Lets reword your question for clarity:
- Given two or more encrypted volumes initialized with the same passphrase, and each having the same size
- With an identical set of files placed into each after initialization
- Does an attacker gain any advantage by independently knowing that each volume, when presented with the correct decryption key, will produce an identical set of files?
If the above is correct, then the short answer is either "no", or "a very slight advantage". A longer answer depends on the exact encryption scheme used.
For the short version, let's use VeryCrypt for illustration. When a VC volume is initialized, you are asked to move the mouse cursor randomly to generate entropy. This entropy will be very different for each of your volumes and is independent of using a repeated passphrase. The entroypy serves two purposes. First, for many encryption schemes it is used to generate the IV (initialization vector). The IV is encrypted or combined with the passphrase and is used in a sequence of transformations on the plaintext. Part of the output of the previous sequence or block is used as the input for the next. This means that even though the plaintext may be identical, given different IVs, the cyphertext blocks will be very different from each other.
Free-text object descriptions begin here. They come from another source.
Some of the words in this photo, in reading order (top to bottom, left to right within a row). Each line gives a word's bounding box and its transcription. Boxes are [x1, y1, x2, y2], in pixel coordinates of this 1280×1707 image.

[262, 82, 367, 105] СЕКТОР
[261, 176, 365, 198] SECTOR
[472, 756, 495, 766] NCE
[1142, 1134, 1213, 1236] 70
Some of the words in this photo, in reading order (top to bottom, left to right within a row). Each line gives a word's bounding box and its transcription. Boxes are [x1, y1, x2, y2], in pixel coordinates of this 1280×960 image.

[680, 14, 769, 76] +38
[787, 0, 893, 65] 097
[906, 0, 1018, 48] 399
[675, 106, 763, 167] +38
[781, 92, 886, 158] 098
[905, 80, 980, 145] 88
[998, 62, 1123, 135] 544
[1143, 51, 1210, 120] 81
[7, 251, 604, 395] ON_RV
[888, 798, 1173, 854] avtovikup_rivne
Now, if you were merely encrypting a single file or set of files as opposed to placing them into a volume, you could expose your data to various types of plaintext attacks including the one described by @arthurmilton. However, when using a volume or container, the entropy and IV are also used to fill the container with random data. This random data is encrypted using the same scheme and the random cyphertext that is produced is practically indistinguishable from the real cypher text belonging to the files. I say practically indistinguishable because depending on the scheme being used, there are theoretical ways to increase the probability of identifying the random cyphertext from the file cyphertext, but AFIK there has never been a real-world attack of this nature on a well-tested encryption scheme.
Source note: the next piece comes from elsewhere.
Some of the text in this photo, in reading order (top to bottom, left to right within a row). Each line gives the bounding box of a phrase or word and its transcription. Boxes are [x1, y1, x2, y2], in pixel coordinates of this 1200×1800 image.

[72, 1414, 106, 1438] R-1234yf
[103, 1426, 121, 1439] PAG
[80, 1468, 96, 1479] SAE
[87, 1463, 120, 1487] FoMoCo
Taken together, these two things mean that an attacker gains nothing or almost nothing from her knowledge, since any comparison between the containers would require too vast a number of calculations to extract any pattern.
There are a few theoretical weak points (and assumptions) that interfere with above. First, we are relying very heavily on the idea the randomness generator will produce random enough sequences that an attacker who is blind to the entropy source(s) (the random mouse movements and other factors), won't be able to detect any patterns in a computationally feasible manner. This source of randomness is one of the harder problems to fully solve in encryption, but it appears that the generator in VeraCrypt is "good enough" for now. Second, we are assuming that the container is larger than the size of the files being placed into it. When combined with poor entropy generation, less random cyphertext, could make it slightly easier to identify the cyphertext that belongs to the real files. (I'm somewhat misusing the distinction between random and non-random cyphertext, but it helps illustrate the point). There are other counters to this issue, and VeryCrypt does not require or even recommend that some ratio of files to available space be maintained in their containers.
Second, we are assuming that the encryption scheme uses a transformation mode with known protections against reuse attacks. This is a very dense area that I don't have the expertise to simplify.